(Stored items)
- - - - -

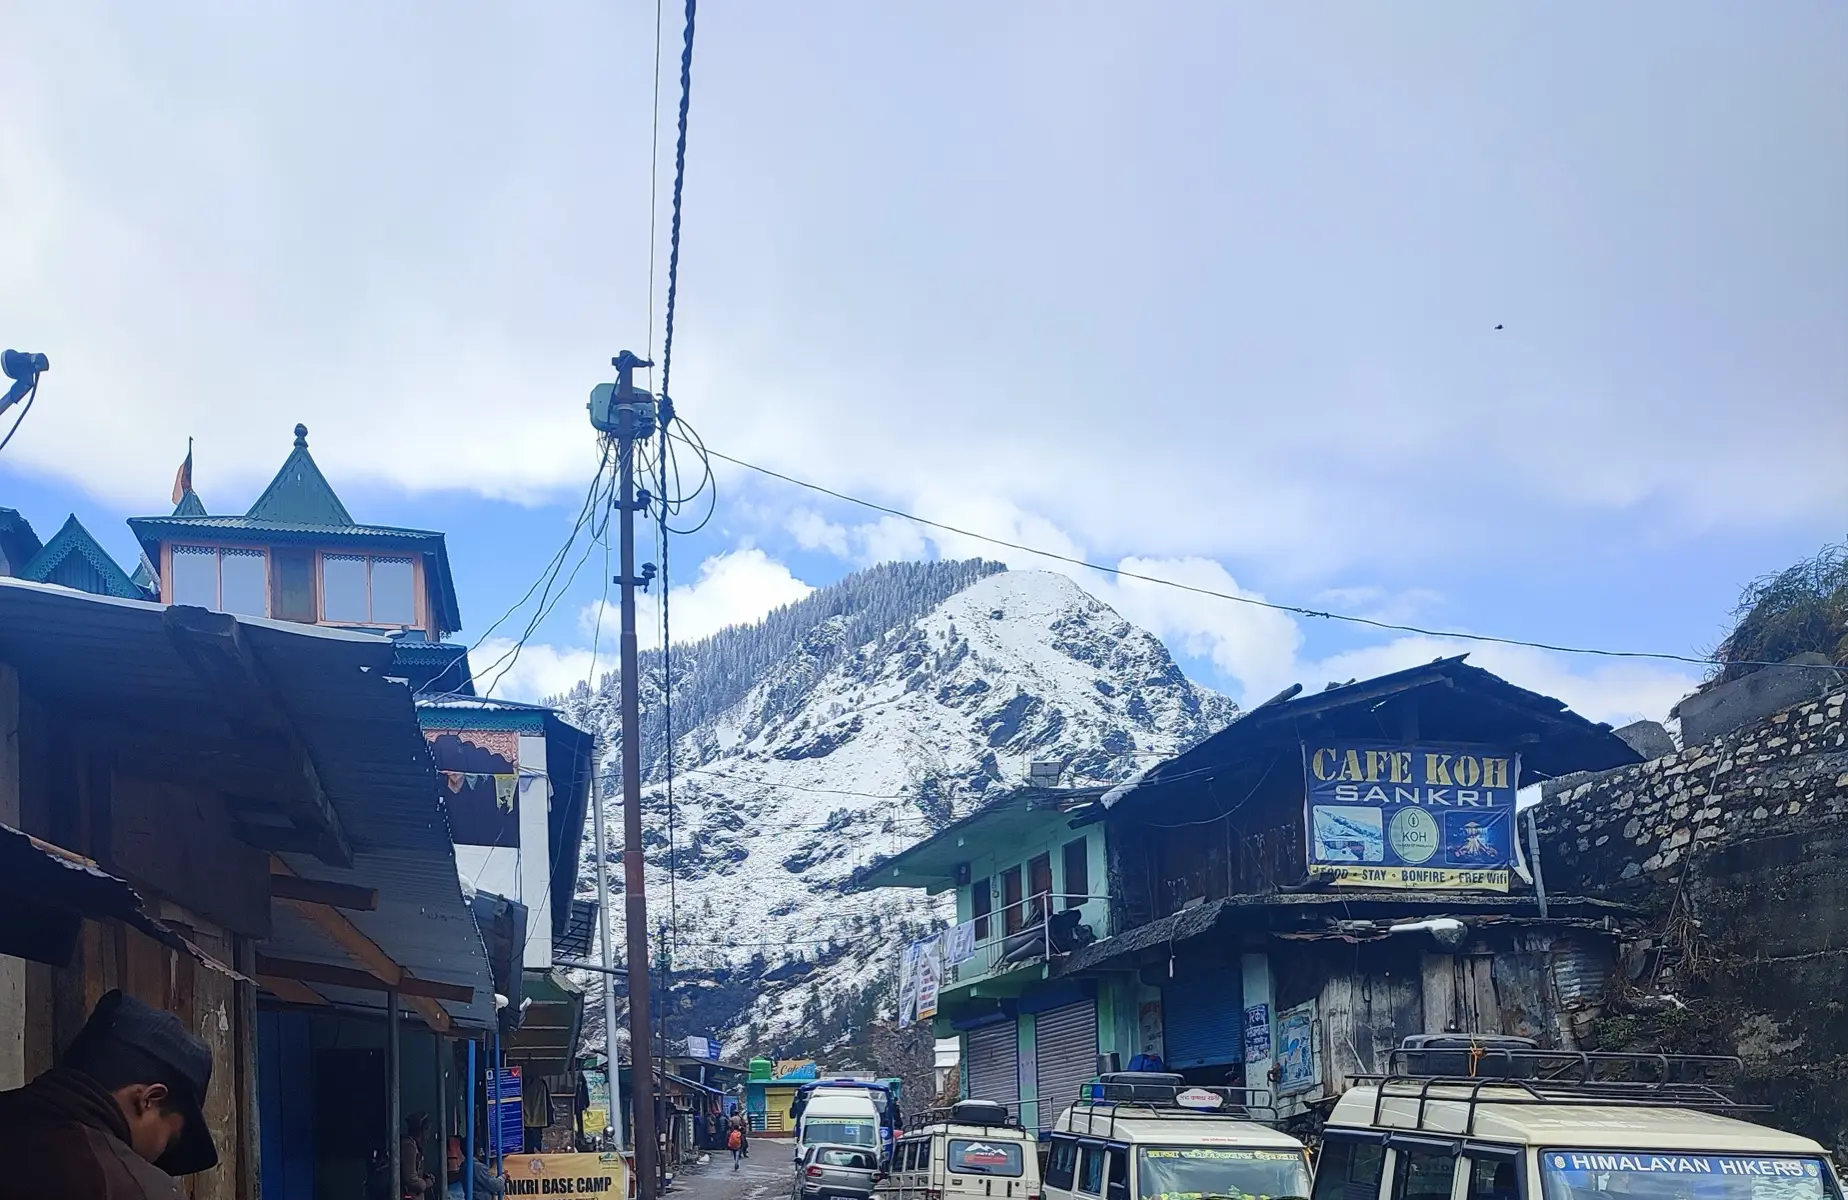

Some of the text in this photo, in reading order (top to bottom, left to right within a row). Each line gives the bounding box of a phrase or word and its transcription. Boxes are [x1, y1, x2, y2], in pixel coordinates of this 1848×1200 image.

[1312, 748, 1509, 789] CAFE KOH
[1335, 785, 1493, 807] SANKRI
[1402, 831, 1427, 843] KOH
[1361, 869, 1387, 881] STAY
[1401, 870, 1446, 883] BONFIRE
[1458, 872, 1483, 884] FREE
[1486, 870, 1508, 885] Wifi
[1572, 1154, 1803, 1177] HIMALAYAN HIKERS
[542, 1177, 574, 1194] BASE
[576, 1176, 612, 1193] CAMP
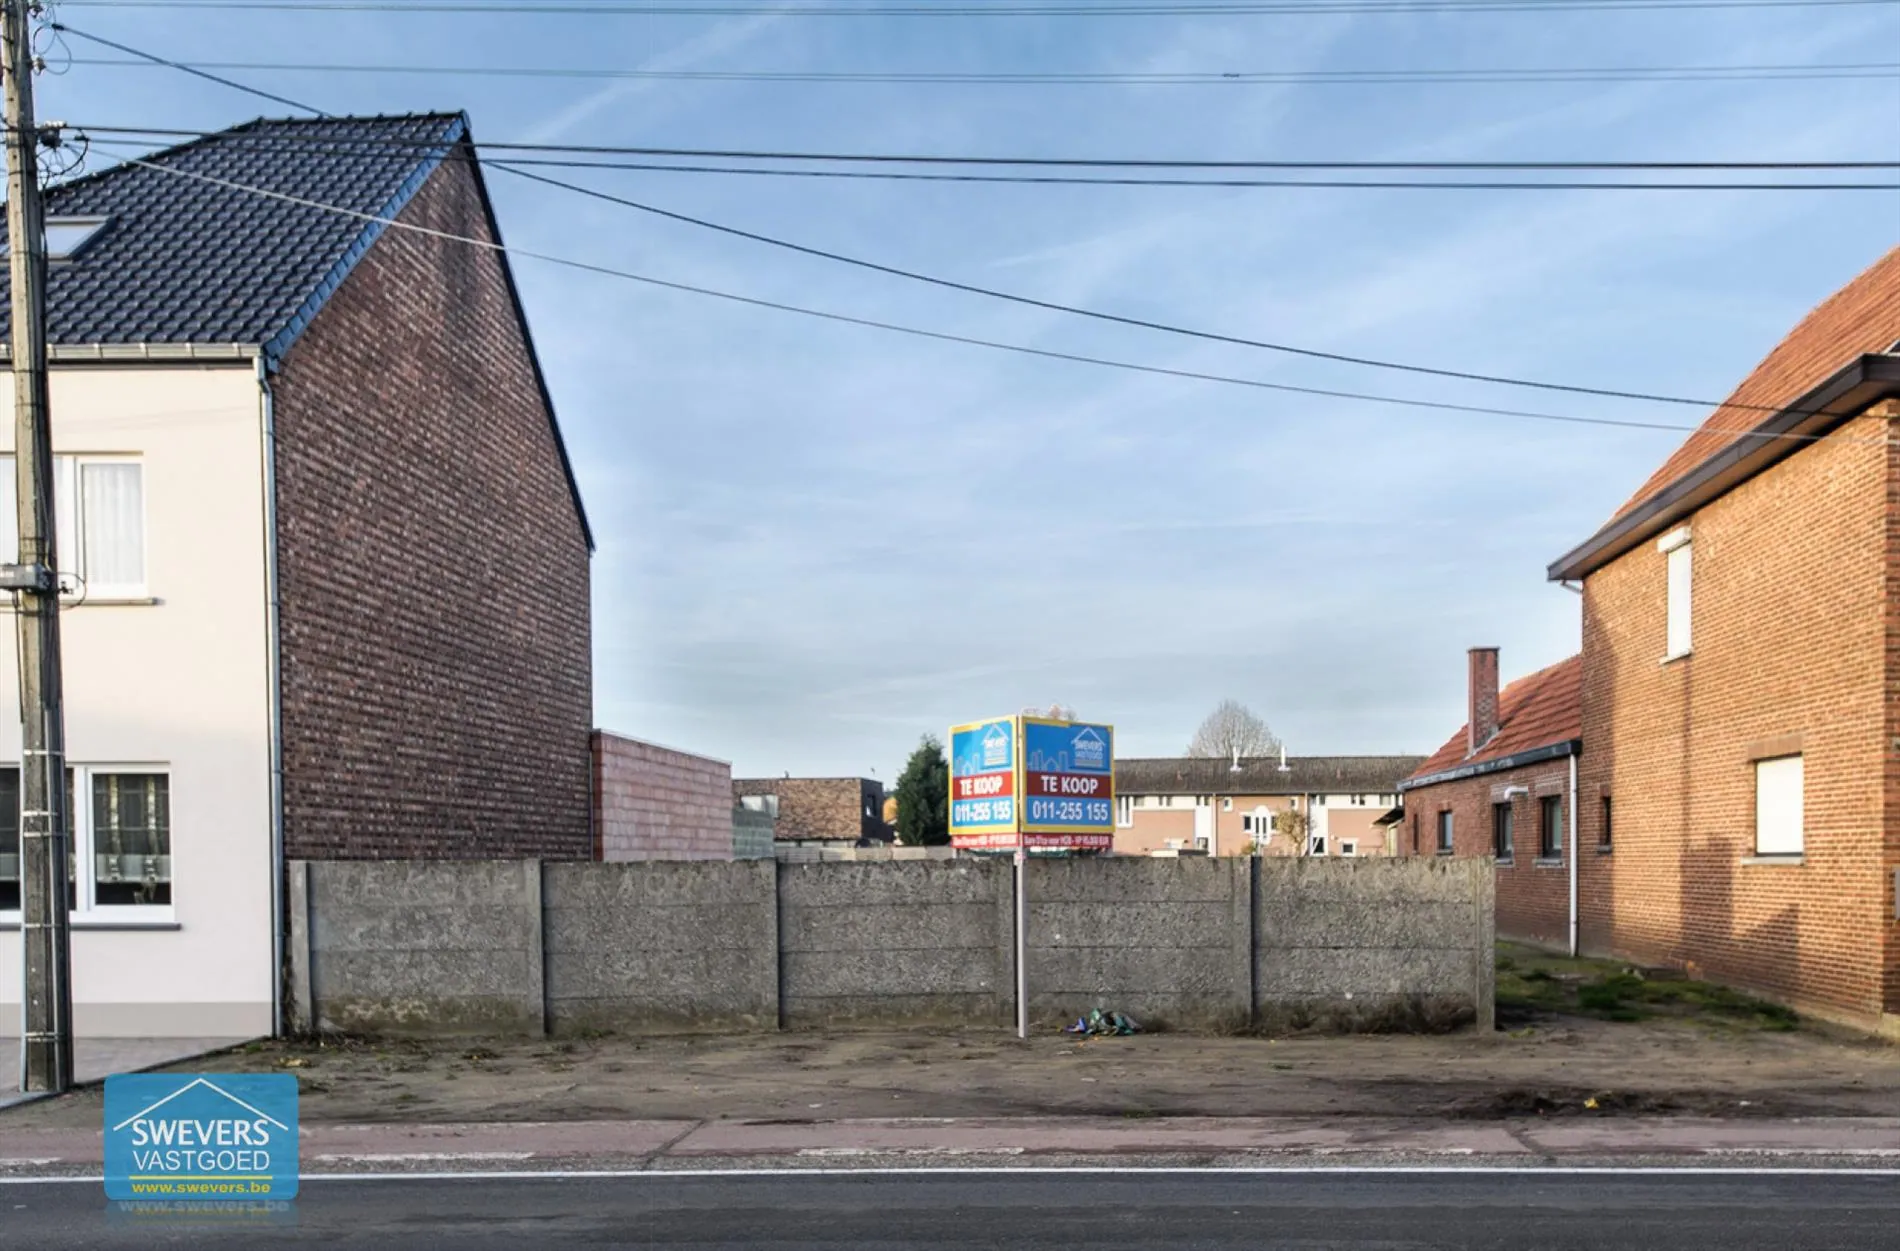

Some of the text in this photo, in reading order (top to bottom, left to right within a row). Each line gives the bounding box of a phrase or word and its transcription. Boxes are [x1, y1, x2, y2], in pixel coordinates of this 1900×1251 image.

[959, 775, 1004, 796] TE KOOP
[1040, 775, 1099, 795] TE KOOP
[955, 800, 1012, 822] 011-255 155
[1032, 800, 1108, 821] 011-255 155

- - - - -

## TASK REQUIREMENTS
What is needed here is each line above set down word for word, minus the images.

## FINISHED EXERCISE
Some of the text in this photo, in reading order (top to bottom, left to right within a row). Each line gives the bounding box of a phrase or word and its transcription. Boxes are [x1, y1, x2, y2], in pixel coordinates of this 1848×1200 image.

[1312, 748, 1509, 789] CAFE KOH
[1335, 785, 1493, 807] SANKRI
[1402, 831, 1427, 843] KOH
[1361, 869, 1387, 881] STAY
[1401, 870, 1446, 883] BONFIRE
[1458, 872, 1483, 884] FREE
[1486, 870, 1508, 885] Wifi
[1572, 1154, 1803, 1177] HIMALAYAN HIKERS
[542, 1177, 574, 1194] BASE
[576, 1176, 612, 1193] CAMP

Some of the text in this photo, in reading order (top to bottom, left to right within a row). Each line gives the bounding box of a phrase or word and its transcription. Boxes are [x1, y1, x2, y2], in pixel coordinates of this 1900×1251 image.

[959, 775, 1004, 796] TE KOOP
[1040, 775, 1099, 795] TE KOOP
[955, 800, 1012, 822] 011-255 155
[1032, 800, 1108, 821] 011-255 155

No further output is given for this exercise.